For tech startups facing economic uncertainty, reducing salaries and offering stock are more attractive alternatives to losing staff, but the trade-off could hurt employees if the startups fail to make it to the initial public offering.

Every employee dreams of becoming a millionaire through stock options like the ones that made thousands of people rich at Facebook, Google and Pinterest, to name a few. The spectacular success of Silicon Valley startups and the resulting wealth of employees who held stock options made stock option plans a powerful motivational tool for employees to work for the company’s long-term success.

Almost everyone hired at WeWork received stock options as part of their compensation, and employees waited years to sell their equity in the company.

Things were looking good for about 1,500 eligible current and former WeWork employees. By January 2019, venture capitalists had pushed the valuation to $47 billion. The commercial real estate company was planning to go public based on its business model of providing shared workspaces for tech startups.

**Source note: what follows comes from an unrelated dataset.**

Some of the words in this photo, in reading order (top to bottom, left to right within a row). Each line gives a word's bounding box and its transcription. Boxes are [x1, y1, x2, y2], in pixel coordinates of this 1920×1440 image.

Then WeWork’s hoped-for initial public offering collapsed in the fall of 2019, and SoftBank, its largest investor, reneged this month on a $3 billion buyout of existing shareholders.

WeWork employees told Forbes they were counting on SoftBank’s share purchase to send kids to college, provide emergency funds in a failing economy, and pay off a mortgage or medical bills.

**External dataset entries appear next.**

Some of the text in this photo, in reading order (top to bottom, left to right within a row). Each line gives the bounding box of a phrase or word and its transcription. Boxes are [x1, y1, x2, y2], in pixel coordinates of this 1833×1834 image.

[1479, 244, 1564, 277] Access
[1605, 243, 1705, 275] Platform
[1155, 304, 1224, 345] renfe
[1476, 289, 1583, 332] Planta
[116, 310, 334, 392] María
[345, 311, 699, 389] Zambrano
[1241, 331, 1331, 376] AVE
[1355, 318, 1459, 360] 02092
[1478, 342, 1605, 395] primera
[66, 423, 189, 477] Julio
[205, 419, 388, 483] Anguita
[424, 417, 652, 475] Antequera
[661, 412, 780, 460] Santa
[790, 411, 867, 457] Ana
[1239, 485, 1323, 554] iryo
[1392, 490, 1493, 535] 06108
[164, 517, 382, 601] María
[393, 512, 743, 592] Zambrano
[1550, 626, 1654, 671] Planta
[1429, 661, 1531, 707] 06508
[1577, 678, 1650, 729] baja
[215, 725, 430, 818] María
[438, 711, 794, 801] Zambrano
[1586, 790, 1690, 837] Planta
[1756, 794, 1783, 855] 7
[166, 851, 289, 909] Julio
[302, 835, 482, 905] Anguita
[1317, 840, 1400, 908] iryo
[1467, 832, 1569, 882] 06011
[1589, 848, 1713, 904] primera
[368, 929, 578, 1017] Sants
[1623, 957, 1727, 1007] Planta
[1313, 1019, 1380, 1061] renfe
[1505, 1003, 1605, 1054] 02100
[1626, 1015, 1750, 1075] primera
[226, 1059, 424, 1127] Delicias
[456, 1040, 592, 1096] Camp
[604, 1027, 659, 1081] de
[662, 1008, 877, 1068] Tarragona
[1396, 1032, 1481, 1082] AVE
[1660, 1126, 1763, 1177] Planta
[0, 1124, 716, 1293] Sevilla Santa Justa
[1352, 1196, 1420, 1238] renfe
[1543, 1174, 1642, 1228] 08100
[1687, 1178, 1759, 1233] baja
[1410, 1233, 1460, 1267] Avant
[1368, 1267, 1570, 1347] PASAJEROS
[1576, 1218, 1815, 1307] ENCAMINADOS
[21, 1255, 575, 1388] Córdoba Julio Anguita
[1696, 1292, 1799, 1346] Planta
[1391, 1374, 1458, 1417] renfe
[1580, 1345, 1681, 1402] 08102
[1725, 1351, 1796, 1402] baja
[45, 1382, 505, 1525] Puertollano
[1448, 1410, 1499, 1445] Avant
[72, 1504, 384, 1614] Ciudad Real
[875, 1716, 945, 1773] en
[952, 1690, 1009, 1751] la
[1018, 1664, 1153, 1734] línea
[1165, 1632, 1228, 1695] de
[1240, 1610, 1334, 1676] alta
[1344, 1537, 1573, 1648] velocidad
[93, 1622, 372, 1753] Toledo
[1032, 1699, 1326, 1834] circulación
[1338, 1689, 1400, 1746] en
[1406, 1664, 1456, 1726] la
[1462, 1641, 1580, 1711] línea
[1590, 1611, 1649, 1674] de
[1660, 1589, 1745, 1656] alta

SoftBank employees stood to gain $283 million to $580 million.

Now the economy is tanking as a result of the coronavirus and uncertainty. A growing number of startups are offering stock-for-salary trades to preserve cash, Bloomberg reported.

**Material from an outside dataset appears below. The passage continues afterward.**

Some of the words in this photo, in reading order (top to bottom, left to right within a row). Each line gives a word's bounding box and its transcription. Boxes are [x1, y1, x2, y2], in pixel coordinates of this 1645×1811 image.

Venture capitalists have warned startups that funding could dry up in Silicon Valley, prompting many startups to try and preserve cash to last a year to 18 months. In the first quarter of 2020, the number of VC deals shrank by 27 percent while total money invested stayed mostly flat. More than 24,000 employees have been let go at hundreds of tech companies, according to tracker Layoffs.fyi.

Startups have cut salaries from 10-to-40 percent in recent weeks, according to Seth Bannon, who runs the venture capital fund 50 Years. For startups trying to cut costs, boosting equity for employees is “a way for companies to say, we’re cutting salaries but you didn’t do anything to deserve this, so we’re giving you an equity bonus that makes up for it,” he told Bloomberg.

Business is booming for Medal.tv, a gaming startup that’s benefiting from house-bound customers sheltering in place. However, half its employees are taking salary cuts during the pandemic.

In return, they’re getting restricted stock units which will vest over a year. Employees should be able to sell those shares when Medal closes its next round of financing, whenever that will be.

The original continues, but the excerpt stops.